Die Nagra (Nationale Genossenschaft für radioaktive Abfälle) will jedoch eine „Lösung“ gefunden haben: Geologisches Tiefenlager im Opalinuston des Mittellandes. Im Jahre 2012 soll der Standort bestimmt werden. Ab 2040 sollen die atomaren Abfälle 600 Meter unter der Erdoberfläche eingelagert werden. Nach ein paar Jahrzehnten soll das Lager verschlossen werden.
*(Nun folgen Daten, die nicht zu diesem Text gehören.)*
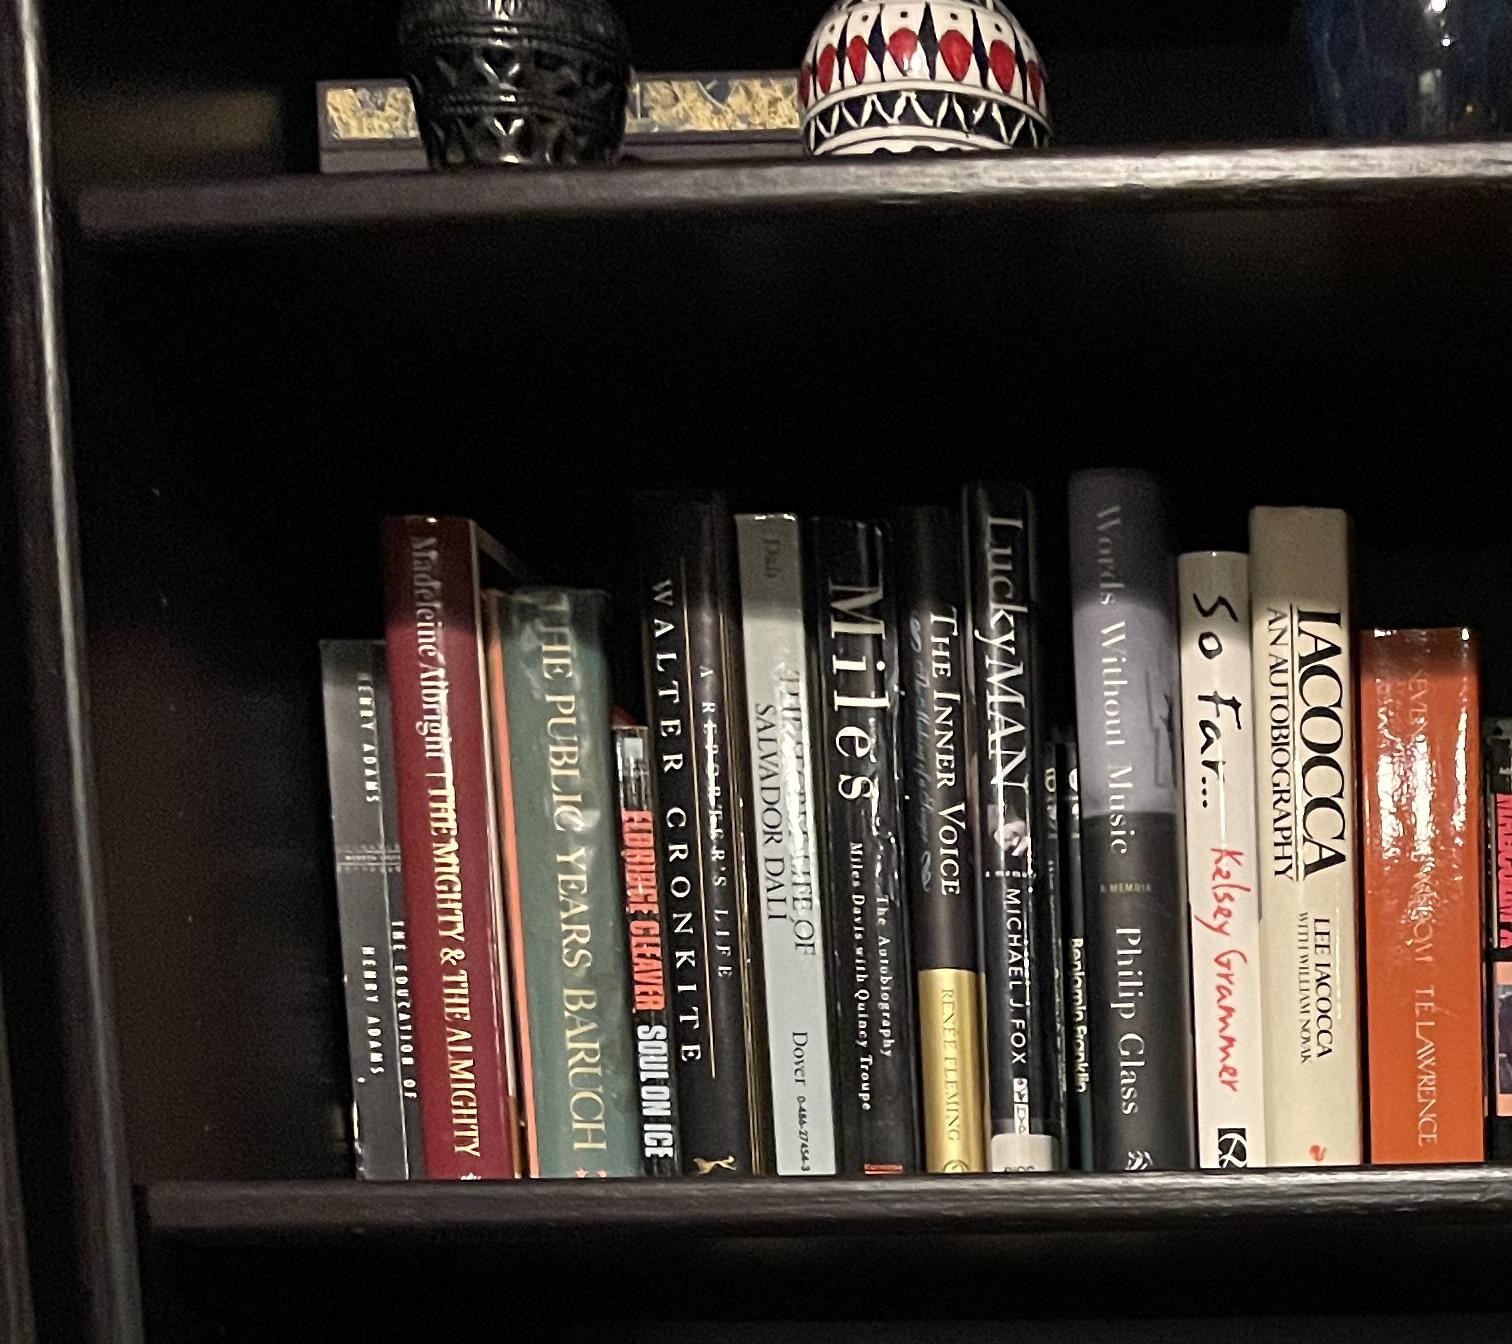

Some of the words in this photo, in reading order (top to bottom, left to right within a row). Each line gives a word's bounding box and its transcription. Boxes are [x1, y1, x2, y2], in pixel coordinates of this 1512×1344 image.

[1096, 505, 1126, 606] Words
[929, 607, 958, 678] THE
[1267, 608, 1289, 646] AN
[653, 579, 684, 772] WALTER
[830, 577, 890, 800] Miles
[1101, 621, 1129, 747] Without
[932, 690, 961, 789] INNER
[1269, 654, 1295, 882] AUTOBIOGRAPHY
[1297, 608, 1346, 880] IACOCCA
[938, 802, 966, 895] VOICE
[1109, 766, 1135, 854] Music
[667, 807, 701, 1062] CRONKITE
[875, 897, 890, 926] The
[1314, 917, 1331, 954] LEE
[878, 935, 895, 1058] Autobiography
[1111, 928, 1144, 1019] Philip
[1315, 962, 1333, 1058] IACOCCA
[637, 1025, 669, 1079] SOUL
[792, 1032, 808, 1086] Dover
[1119, 1033, 1145, 1116] Glass
[641, 1084, 671, 1116] ON
[644, 1123, 673, 1158] ICE
Die momentane „Tiefenlager“-Lösung ist zwar vom Bundesrat genehmigt worden, bleibt aber eine Scheinlösung. “Aus den Augen aus dem Sinn“ ist zwar für die AKW-Betreiber preisgünstig aber für diese Art von Abfällen viel zu gefährlich und in Kenntniss der Erdgeschichte verantwortungslos. Vor etwas mehr als 10'000 Jahren haben unsere Gletscher ganze Täler ausgehoben – übrigens nicht weit von den heute vorgesehenen Lagerstandorten.